Dr Shah said that such a training programme would “provide a platform for Maharashtra trauma centres to interact and get assistance from the University of Maryland’s Shock Trauma Centre in the areas of research, CME (continuing medical education), joint projects, etc.”
 
He said the announcement by Benjamin of the initiation of the EMS and Trauma Centres in Mumbai would be the “phase one” because it would be “amalgamating expertise and services of 24 Mumbai hospitals -- four medical college hospitals, government and municipal hospitals, and 10 major private hospitals.”
 
“Later, hopefully the services will cover the entire Maharashtra state,” he added, “and our ultimate goal is to use this as the template for these American-like EMS and trauma centers all across India.”
 
He also lauded Dr Shah, saying that “his passion and zeal for this project is obvious, and I simply could not say no.”
 
The Delhi-born Joshi, , who has been with the University of Maryland’s Shock Trauma Centre for the past 30 years, said, “The vision of STC along with my personal goal has been that every individual on this planet should receive the best trauma care.”
 
“So many Indian nationals succumb from trauma and inability to receive adequate trauma care.
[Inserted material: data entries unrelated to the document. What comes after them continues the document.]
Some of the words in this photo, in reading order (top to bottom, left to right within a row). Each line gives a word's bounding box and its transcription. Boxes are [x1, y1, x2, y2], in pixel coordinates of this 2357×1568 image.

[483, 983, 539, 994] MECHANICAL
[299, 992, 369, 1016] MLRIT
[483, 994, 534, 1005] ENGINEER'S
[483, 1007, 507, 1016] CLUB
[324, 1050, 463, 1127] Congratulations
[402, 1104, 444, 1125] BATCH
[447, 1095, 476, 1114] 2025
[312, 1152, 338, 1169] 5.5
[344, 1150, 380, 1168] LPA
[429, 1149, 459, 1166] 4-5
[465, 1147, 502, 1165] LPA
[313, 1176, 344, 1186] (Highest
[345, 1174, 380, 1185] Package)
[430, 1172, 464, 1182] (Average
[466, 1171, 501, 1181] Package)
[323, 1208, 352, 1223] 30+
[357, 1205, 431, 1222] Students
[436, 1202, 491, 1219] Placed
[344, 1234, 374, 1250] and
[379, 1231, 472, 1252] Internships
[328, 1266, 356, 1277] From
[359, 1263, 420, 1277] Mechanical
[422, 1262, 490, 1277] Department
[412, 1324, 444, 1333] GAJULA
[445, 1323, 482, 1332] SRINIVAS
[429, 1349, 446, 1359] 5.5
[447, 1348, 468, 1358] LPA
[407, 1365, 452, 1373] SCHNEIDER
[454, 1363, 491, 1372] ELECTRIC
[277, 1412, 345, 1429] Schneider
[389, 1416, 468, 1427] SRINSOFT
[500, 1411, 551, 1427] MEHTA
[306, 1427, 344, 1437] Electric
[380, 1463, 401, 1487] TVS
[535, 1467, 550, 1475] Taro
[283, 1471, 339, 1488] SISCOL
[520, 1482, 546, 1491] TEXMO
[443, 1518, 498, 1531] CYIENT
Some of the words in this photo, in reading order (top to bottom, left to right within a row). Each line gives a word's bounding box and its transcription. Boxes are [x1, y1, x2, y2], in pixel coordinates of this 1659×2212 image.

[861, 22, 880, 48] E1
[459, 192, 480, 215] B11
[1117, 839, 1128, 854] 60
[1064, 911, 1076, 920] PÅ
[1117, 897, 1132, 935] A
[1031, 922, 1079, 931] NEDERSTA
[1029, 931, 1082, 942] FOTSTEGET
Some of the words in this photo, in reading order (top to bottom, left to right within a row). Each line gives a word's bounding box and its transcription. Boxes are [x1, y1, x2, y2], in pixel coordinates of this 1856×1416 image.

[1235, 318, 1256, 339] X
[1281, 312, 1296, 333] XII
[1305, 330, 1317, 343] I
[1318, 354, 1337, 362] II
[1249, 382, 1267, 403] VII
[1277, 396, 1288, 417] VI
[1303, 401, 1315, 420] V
It is heartening to note that the state government of Maharashtra has committed itself to initiating organised trauma care and thereby helping the citizens of Maharashtra,” he said.
 
Dr Joshi,  who received her MBBS from AIIMS, New Delhi, said, “Most Indians have had a personal encounter with some kind of trauma which has left a lasting impressing on all of us Indian Americans. This problem affects every household in some way or other and unfortunately strikes the core population of India -- young men, who are the bread winners of the family.”
 
Joshi said, “This is why this mission is very important to us. Even with a tight economy and major time constraints, we are still willing to invest our time, money and tremendous effort to the success of developing the trauma programme in Maharashtra,” she said.